(GIVEN RECORDS Opens)

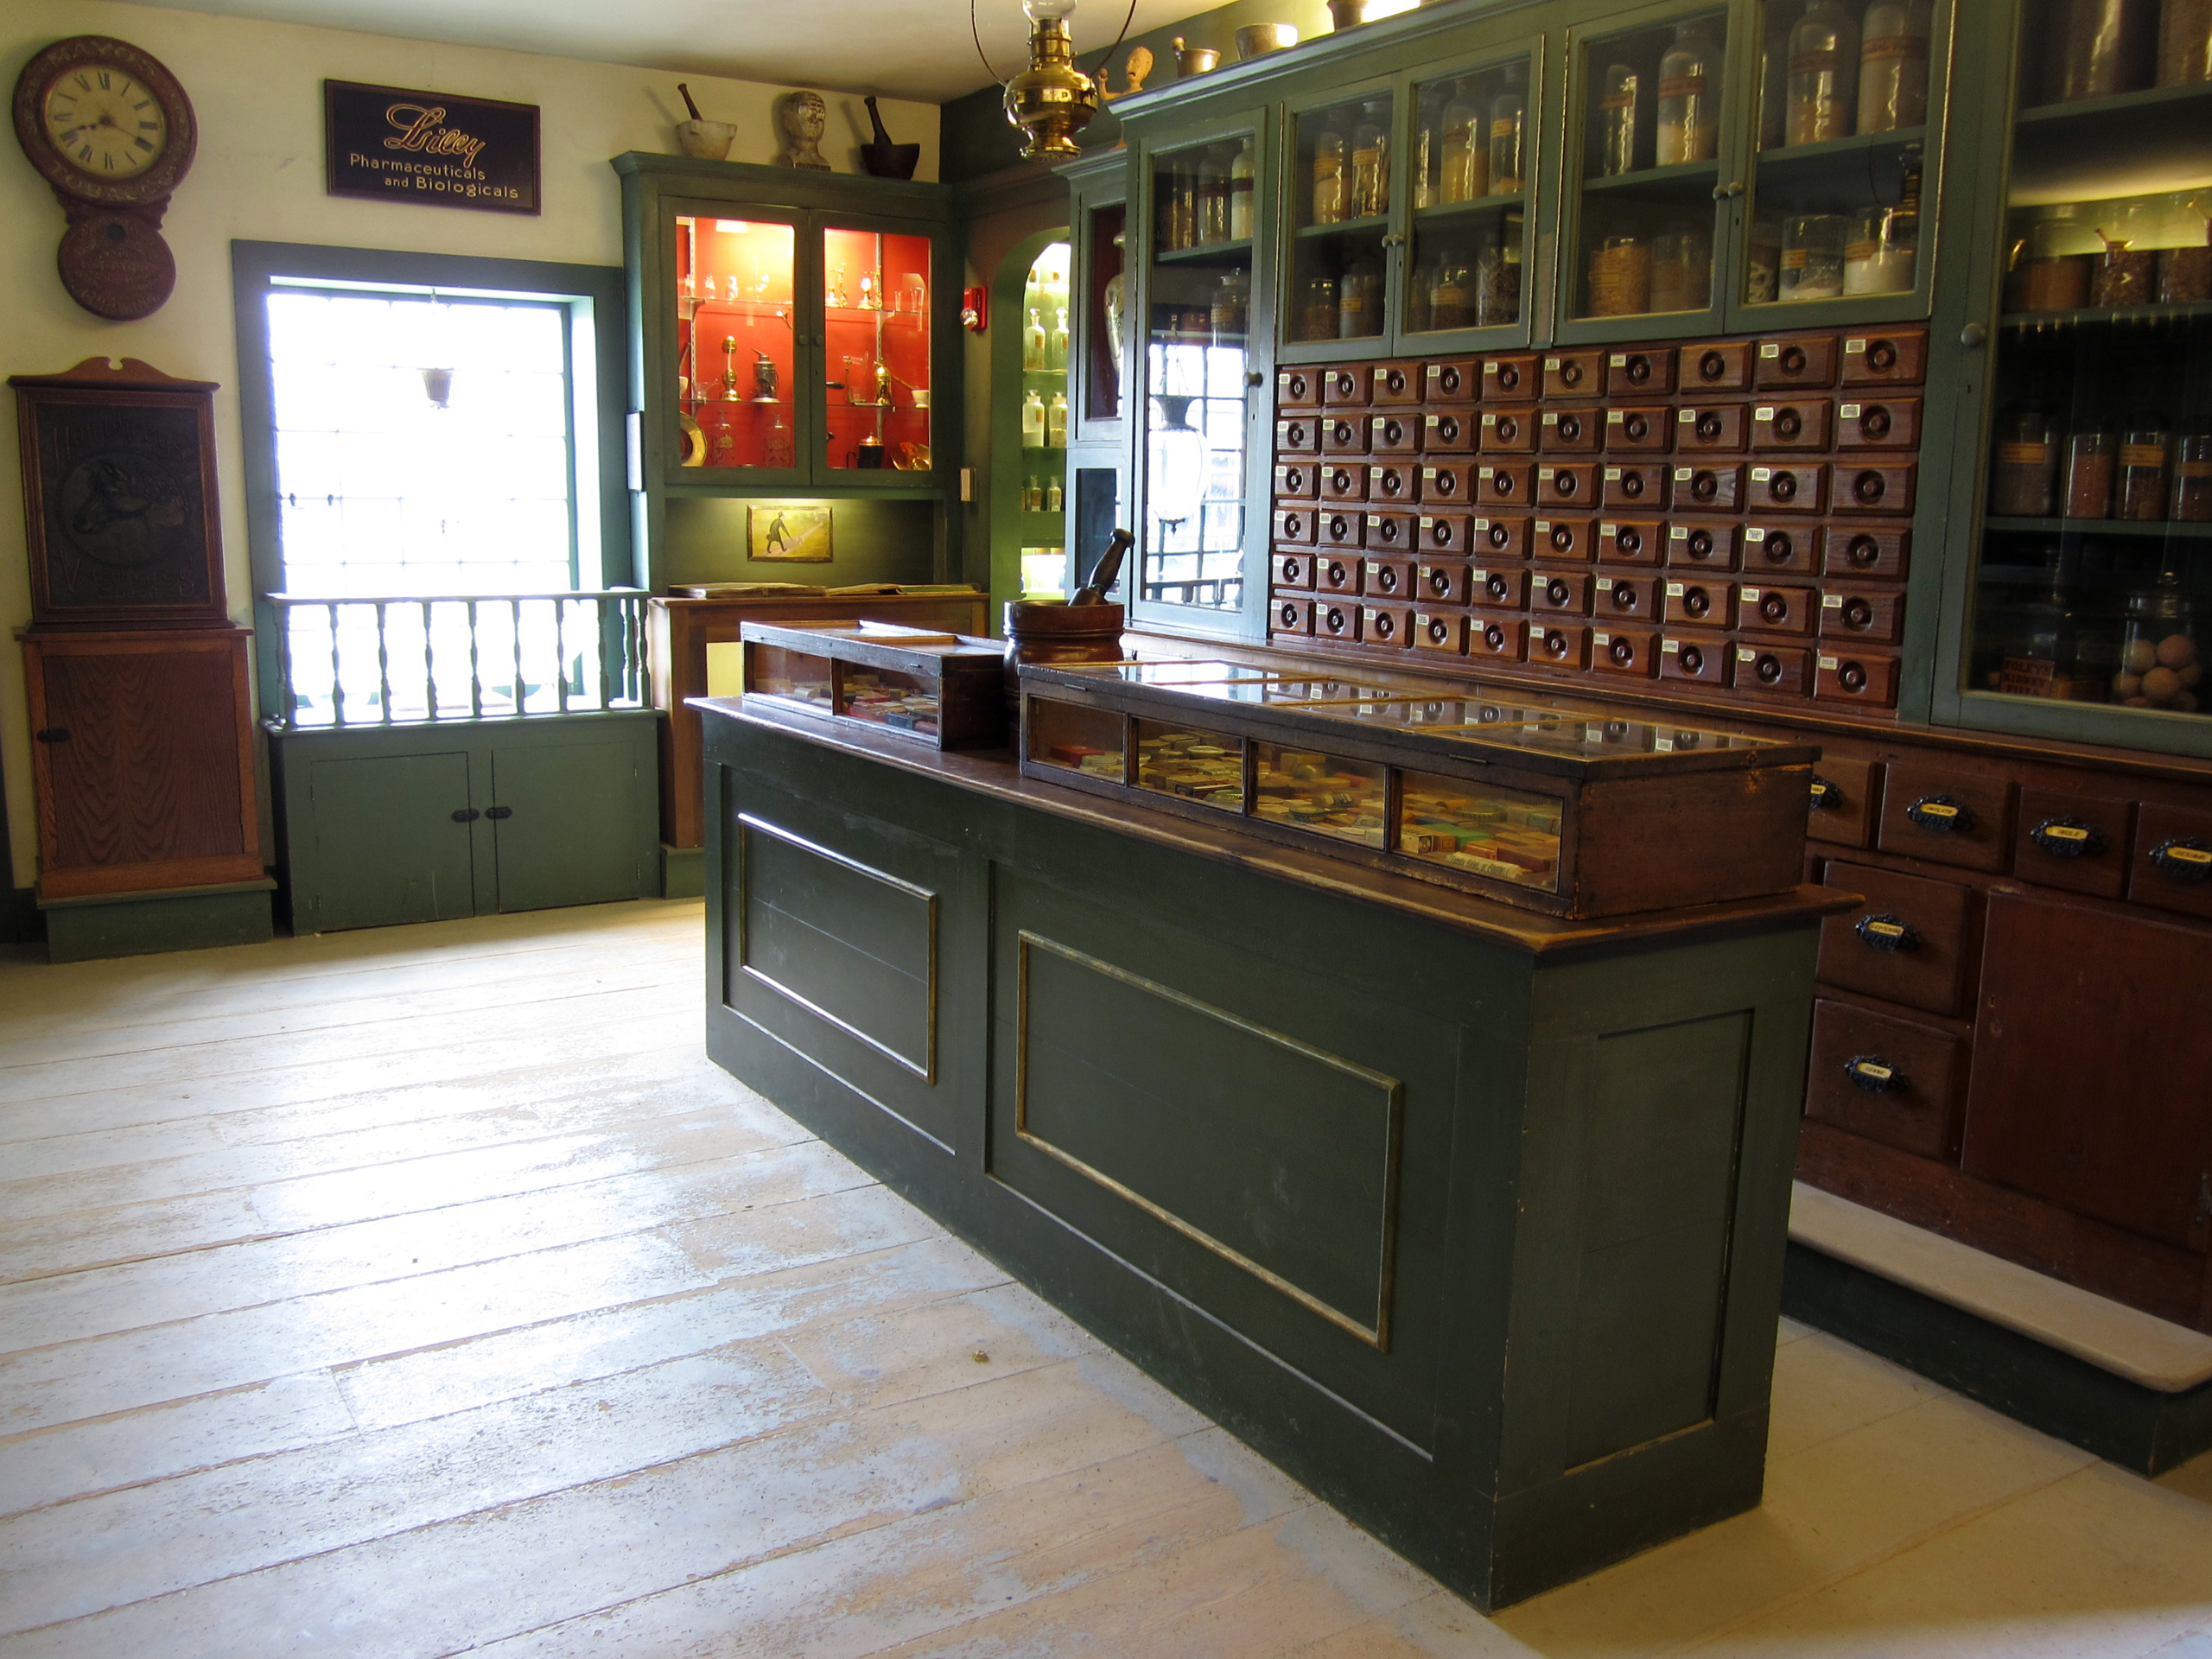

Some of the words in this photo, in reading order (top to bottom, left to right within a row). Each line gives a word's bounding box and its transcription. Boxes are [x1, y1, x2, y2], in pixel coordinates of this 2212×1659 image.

[384, 104, 486, 168] Lilly
[350, 153, 486, 181] Pharmaceuticals
[385, 177, 409, 188] and
[416, 176, 519, 200] Biologicals
[2004, 672, 2046, 688] KIDNEY

(GIVEN RECORDS Closes)

| TASK DETAILS |
Your copy of the entries above must be exact and must not include pictures.

| SOLVED EXERCISE |
Some of the words in this photo, in reading order (top to bottom, left to right within a row). Each line gives a word's bounding box and its transcription. Boxes are [x1, y1, x2, y2], in pixel coordinates of this 2212×1659 image.

[384, 104, 486, 168] Lilly
[350, 153, 486, 181] Pharmaceuticals
[385, 177, 409, 188] and
[416, 176, 519, 200] Biologicals
[2004, 672, 2046, 688] KIDNEY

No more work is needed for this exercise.